Dual inhibition of reactive oxygen species and spleen tyrosine kinase as a therapeutic strategy in liver fibrosis

Abstract

Hepatic stellate cells (HSCs) play key roles in liver fibrosis (LF) and hepatocellular carcinoma (HCC). We previously reported that spleen tyrosine kinase (SYK) is critical for HSCs activation, however, the mechanisms are insufficiently understood. In the present study, we found that SYK facilitated autophagy to promote HSCs activation by enhancing reactive oxygen species (ROS) generation. However, SYK inhibitor GS-9973 could efficiently reduce HSCs ROS generation in vitro but not in vivo. Mechanistically, hepatocytes (HCs) would release ROS outside and then diffuse into HSCs to promote autophagy and activation in vitro in the context of inflammation.
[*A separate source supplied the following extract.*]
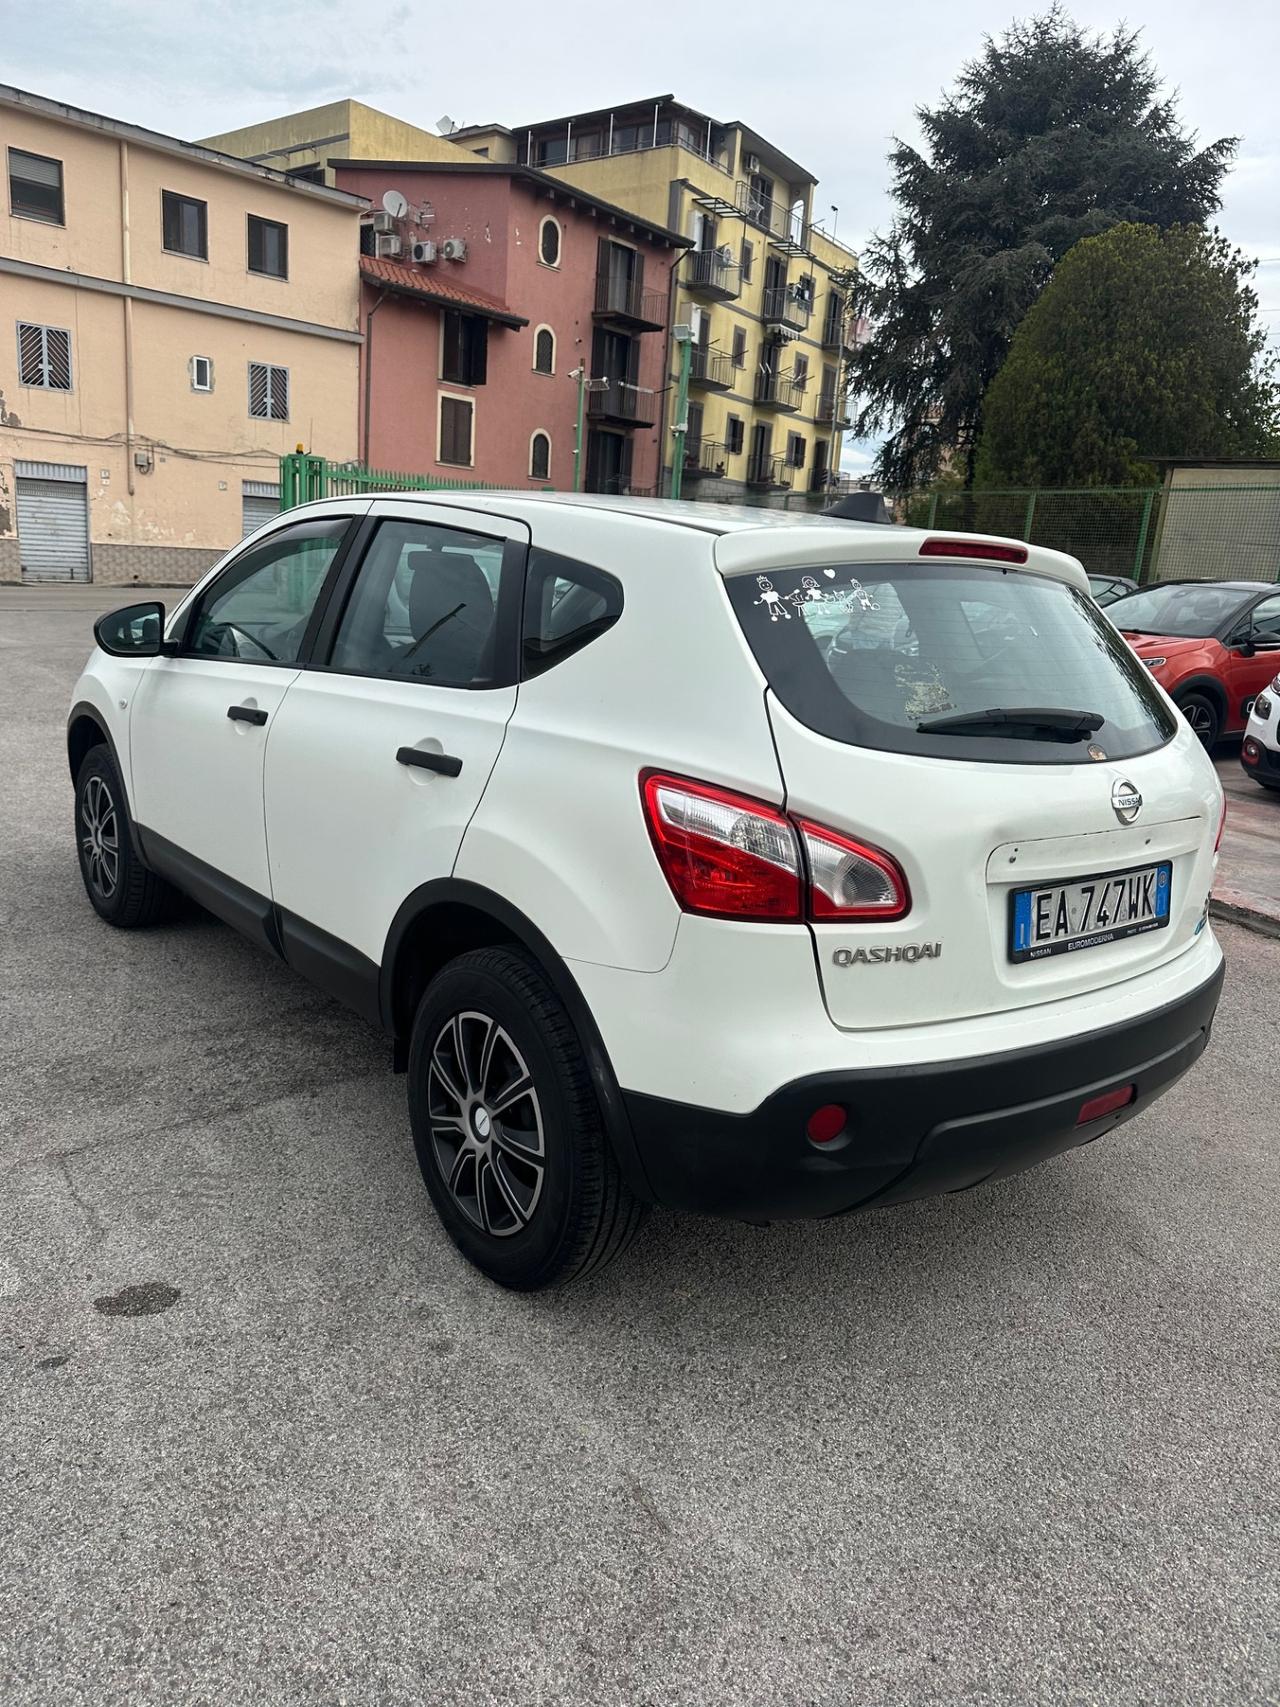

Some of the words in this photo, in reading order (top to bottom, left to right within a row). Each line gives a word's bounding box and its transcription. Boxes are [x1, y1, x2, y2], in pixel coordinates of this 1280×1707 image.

We then further examined the ROS contents in liver sections and primary liver cells of carbon tetrachloride (CCl4) induced mice treated with or without different doses of Silybin, a natural compound characterized by a well-established antioxidant and hepatoprotective properties, and found that ROS intensities in both liver sections and their deprived primary cells were efficiently inhibited in a dose-dependent fashion. Lastly, we evaluated the rational combination of Silybin and GS-9973 in the treatment of CCl4 induced mice and found that this combination is well tolerated and acts synergistically against HSCs activity, LF and HCC. The combinational use of Silybin and GS-9973 could be a promising therapeutic strategy in patients suffering from LF and even HCC.